- [To do]: Please keep the images out and set down the data exactly as given.

--- Excerpted records Enclosed Below ---

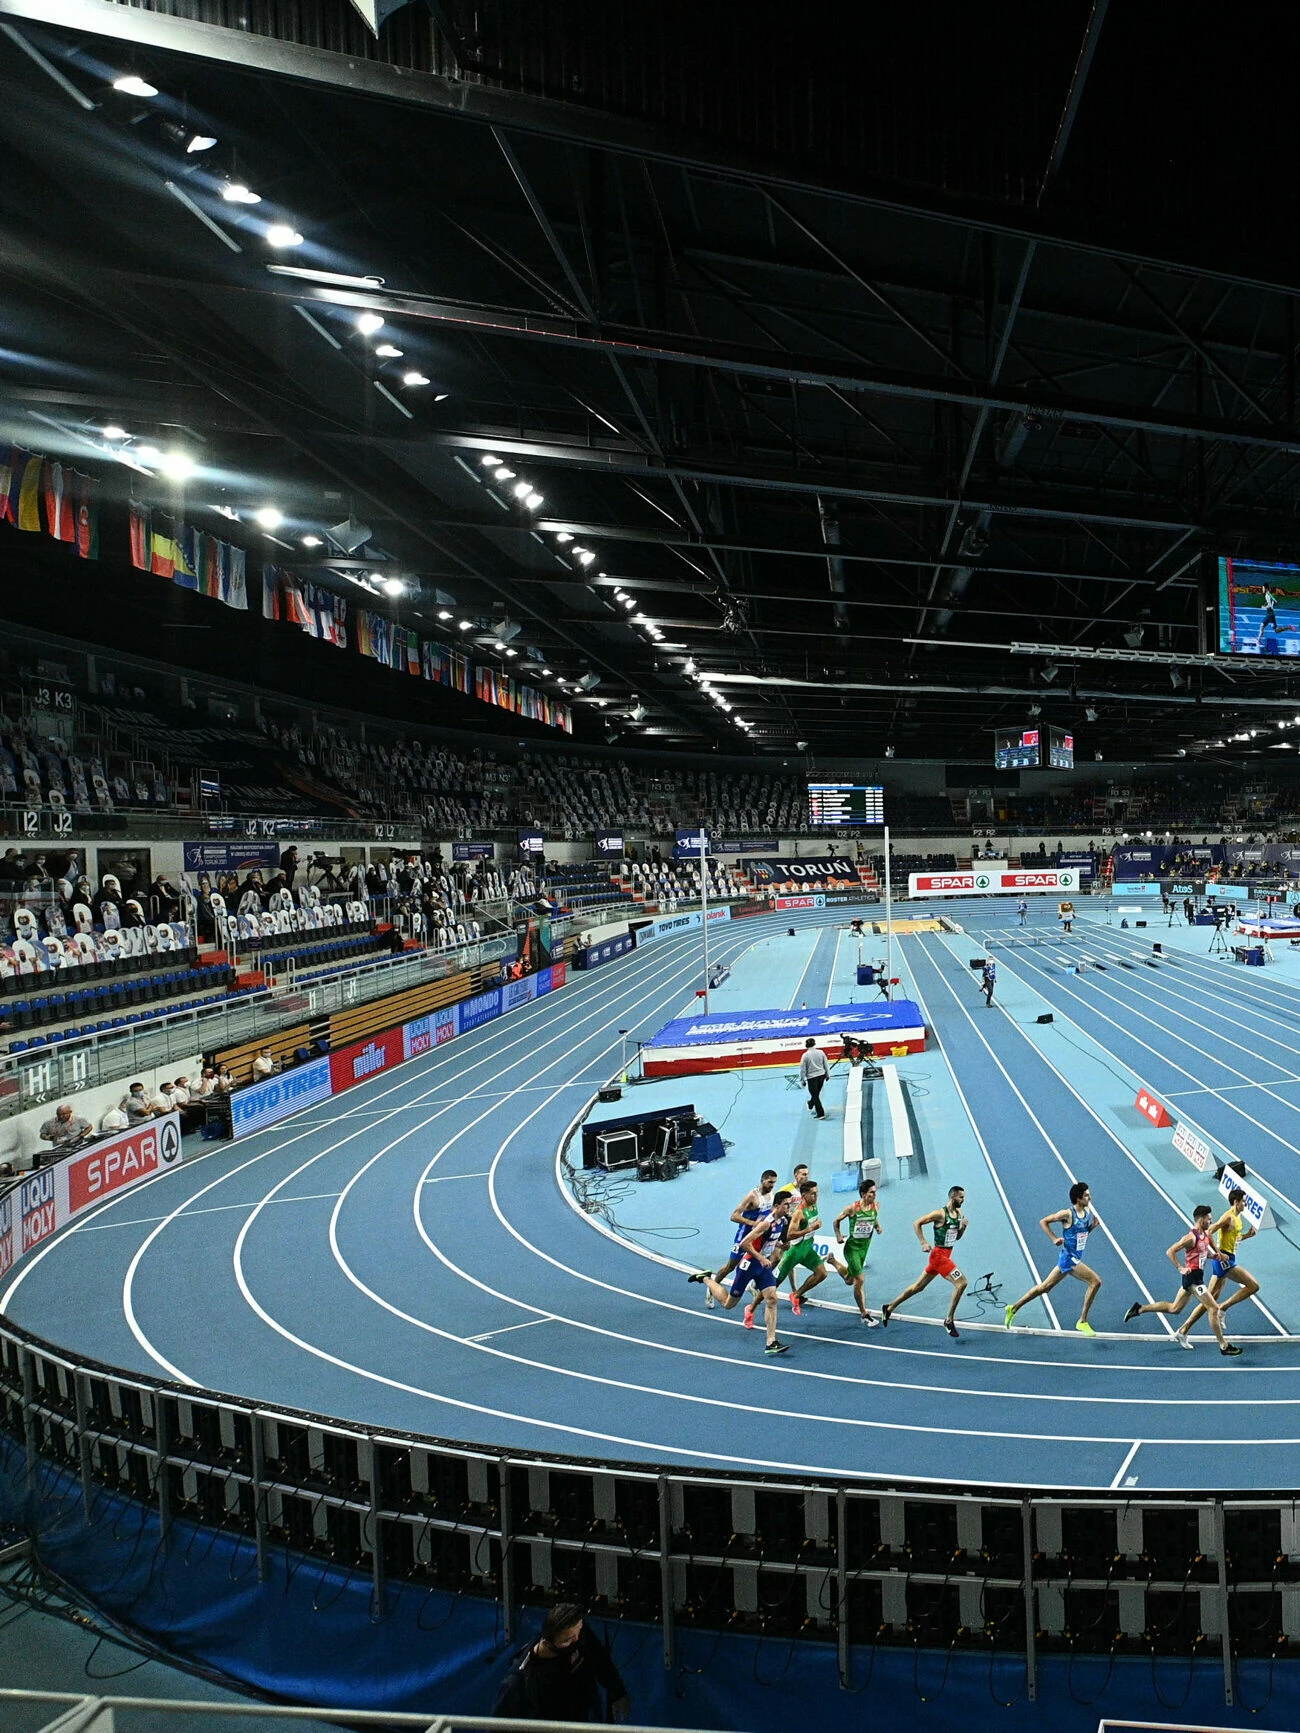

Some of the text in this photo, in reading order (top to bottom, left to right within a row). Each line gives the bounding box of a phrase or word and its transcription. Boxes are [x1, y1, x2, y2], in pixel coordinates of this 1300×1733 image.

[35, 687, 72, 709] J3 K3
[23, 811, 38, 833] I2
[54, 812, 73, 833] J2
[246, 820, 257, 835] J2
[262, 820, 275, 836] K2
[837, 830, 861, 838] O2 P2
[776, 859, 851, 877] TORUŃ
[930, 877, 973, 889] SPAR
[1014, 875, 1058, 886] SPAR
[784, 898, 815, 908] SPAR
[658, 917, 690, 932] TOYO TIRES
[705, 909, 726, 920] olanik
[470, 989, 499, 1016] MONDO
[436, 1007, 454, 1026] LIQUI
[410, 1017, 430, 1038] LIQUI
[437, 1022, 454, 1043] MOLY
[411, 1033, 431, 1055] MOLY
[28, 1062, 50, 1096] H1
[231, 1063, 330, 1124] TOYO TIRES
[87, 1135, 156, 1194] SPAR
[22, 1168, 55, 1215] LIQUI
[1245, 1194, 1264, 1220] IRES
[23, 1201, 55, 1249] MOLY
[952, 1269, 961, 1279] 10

--- End of Enclosed Excerpted records ---

- [Answer below]:
Some of the text in this photo, in reading order (top to bottom, left to right within a row). Each line gives the bounding box of a phrase or word and its transcription. Boxes are [x1, y1, x2, y2], in pixel coordinates of this 1300×1733 image.

[35, 687, 72, 709] J3 K3
[23, 811, 38, 833] I2
[54, 812, 73, 833] J2
[246, 820, 257, 835] J2
[262, 820, 275, 836] K2
[837, 830, 861, 838] O2 P2
[776, 859, 851, 877] TORUŃ
[930, 877, 973, 889] SPAR
[1014, 875, 1058, 886] SPAR
[784, 898, 815, 908] SPAR
[658, 917, 690, 932] TOYO TIRES
[705, 909, 726, 920] olanik
[470, 989, 499, 1016] MONDO
[436, 1007, 454, 1026] LIQUI
[410, 1017, 430, 1038] LIQUI
[437, 1022, 454, 1043] MOLY
[411, 1033, 431, 1055] MOLY
[28, 1062, 50, 1096] H1
[231, 1063, 330, 1124] TOYO TIRES
[87, 1135, 156, 1194] SPAR
[22, 1168, 55, 1215] LIQUI
[1245, 1194, 1264, 1220] IRES
[23, 1201, 55, 1249] MOLY
[952, 1269, 961, 1279] 10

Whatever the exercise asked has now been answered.